Recorded data:
# # # # #

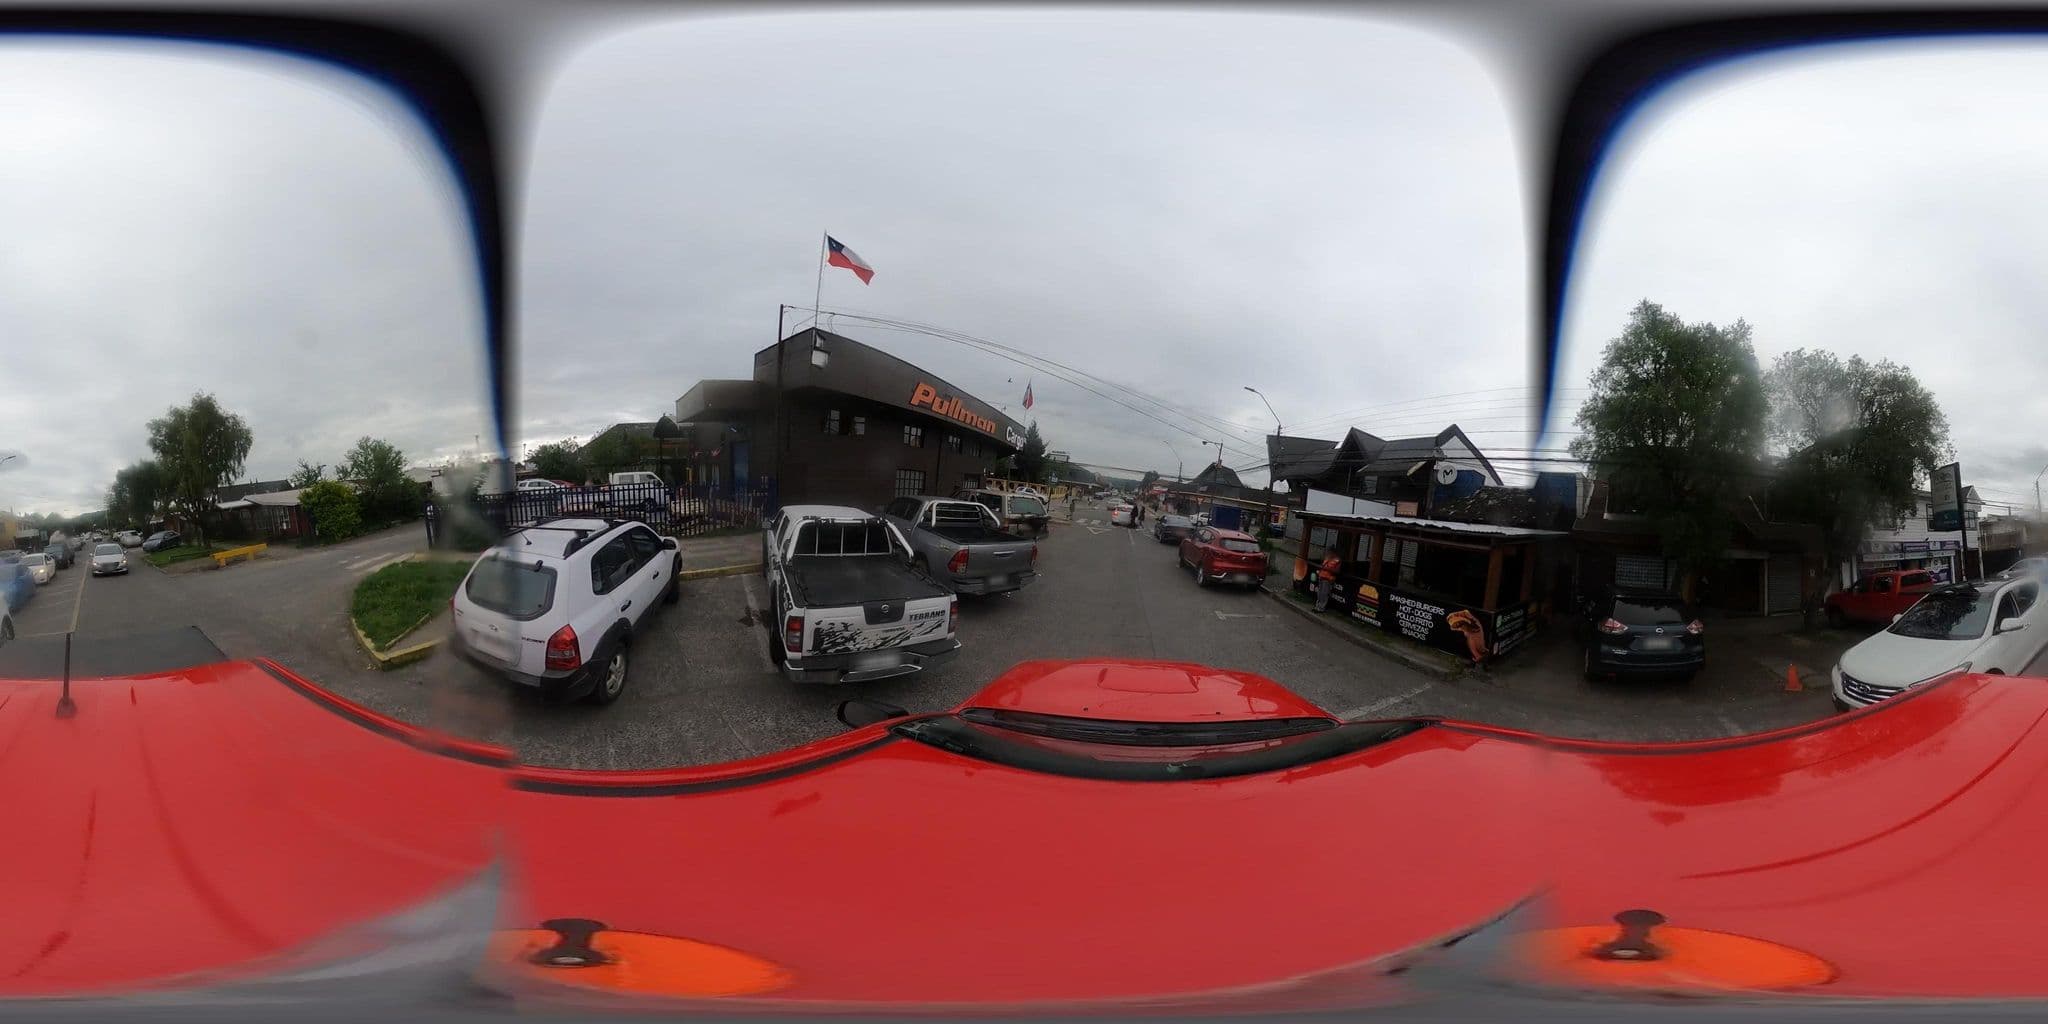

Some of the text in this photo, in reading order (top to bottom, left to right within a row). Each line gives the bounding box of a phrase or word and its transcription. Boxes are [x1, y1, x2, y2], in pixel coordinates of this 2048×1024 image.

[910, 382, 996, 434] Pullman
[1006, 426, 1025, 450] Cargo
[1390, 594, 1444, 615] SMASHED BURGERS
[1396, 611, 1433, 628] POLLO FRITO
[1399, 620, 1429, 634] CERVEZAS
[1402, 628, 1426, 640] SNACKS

# # # # #

Once the pictures are removed, return the entries exactly as they stand.

Some of the text in this photo, in reading order (top to bottom, left to right within a row). Each line gives the bounding box of a phrase or word and its transcription. Boxes are [x1, y1, x2, y2], in pixel coordinates of this 2048×1024 image.

[910, 382, 996, 434] Pullman
[1006, 426, 1025, 450] Cargo
[1390, 594, 1444, 615] SMASHED BURGERS
[1396, 611, 1433, 628] POLLO FRITO
[1399, 620, 1429, 634] CERVEZAS
[1402, 628, 1426, 640] SNACKS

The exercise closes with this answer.